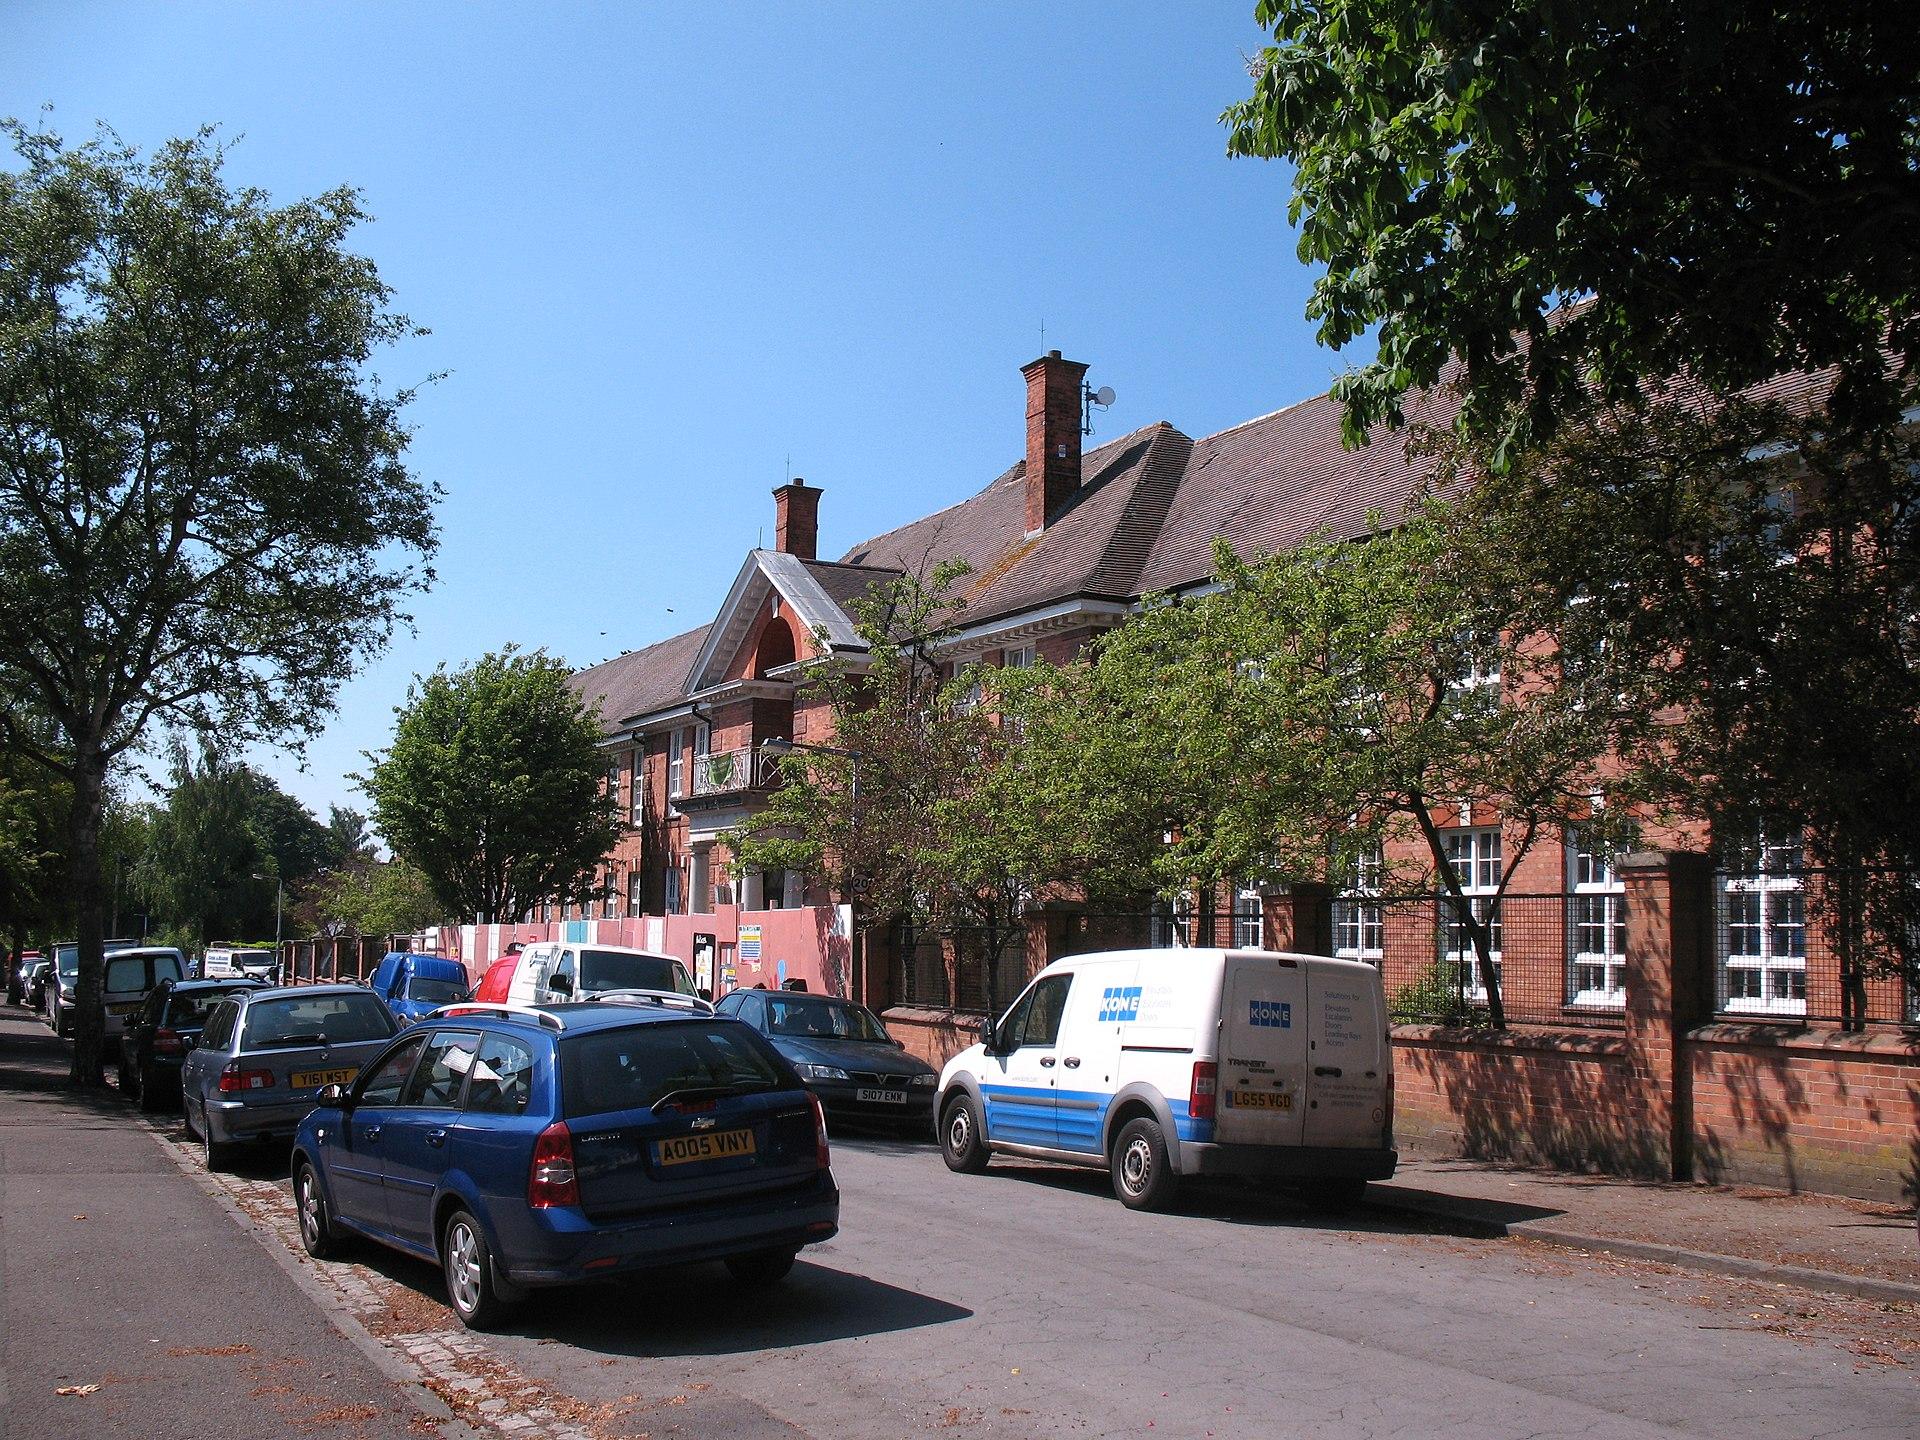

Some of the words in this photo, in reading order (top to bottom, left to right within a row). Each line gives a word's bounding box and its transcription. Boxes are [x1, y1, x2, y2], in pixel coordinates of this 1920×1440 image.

[854, 878, 868, 888] 20
[1100, 996, 1140, 1011] KONE
[1250, 1007, 1290, 1021] KONE
[1234, 1092, 1265, 1106] LG55
[1268, 1093, 1291, 1108] VGD
[714, 1130, 749, 1153] VNY
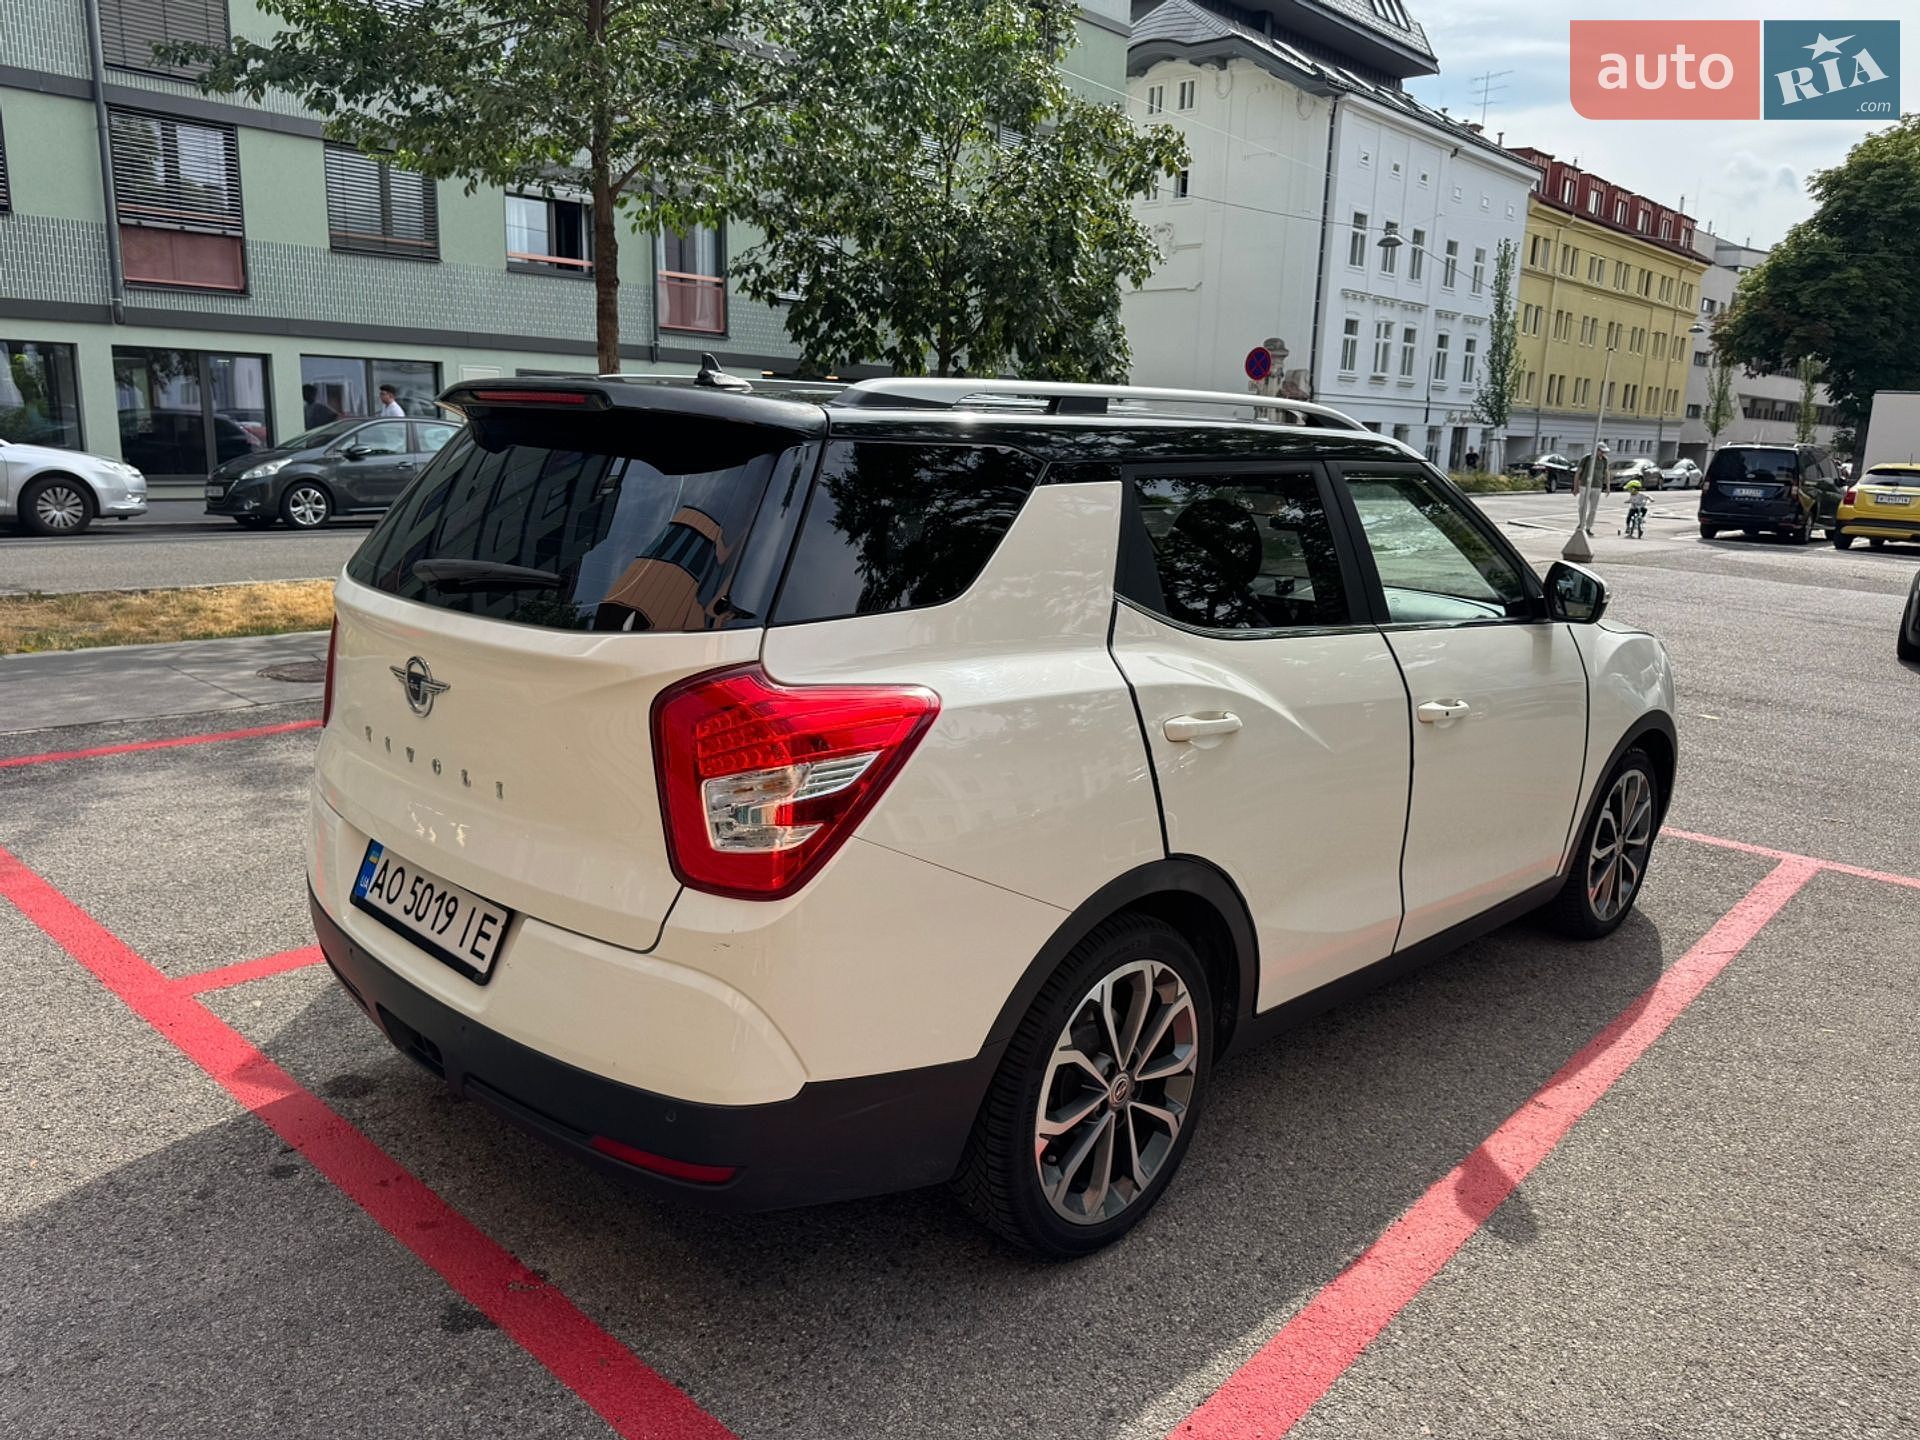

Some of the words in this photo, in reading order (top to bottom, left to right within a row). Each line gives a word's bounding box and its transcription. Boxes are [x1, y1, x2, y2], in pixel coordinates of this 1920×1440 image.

[364, 725, 504, 800] TIVOLI
[369, 858, 406, 905] AO
[403, 875, 459, 936] 5019
[458, 906, 499, 962] IE

----------

ACTIVITY: The records are to be returned word for word, without any of their pictures.

FINISHED TASK:
Some of the words in this photo, in reading order (top to bottom, left to right within a row). Each line gives a word's bounding box and its transcription. Boxes are [x1, y1, x2, y2], in pixel coordinates of this 1920×1440 image.

[854, 878, 868, 888] 20
[1100, 996, 1140, 1011] KONE
[1250, 1007, 1290, 1021] KONE
[1234, 1092, 1265, 1106] LG55
[1268, 1093, 1291, 1108] VGD
[714, 1130, 749, 1153] VNY

Some of the words in this photo, in reading order (top to bottom, left to right within a row). Each line gives a word's bounding box and its transcription. Boxes are [x1, y1, x2, y2], in pixel coordinates of this 1920×1440 image.

[364, 725, 504, 800] TIVOLI
[369, 858, 406, 905] AO
[403, 875, 459, 936] 5019
[458, 906, 499, 962] IE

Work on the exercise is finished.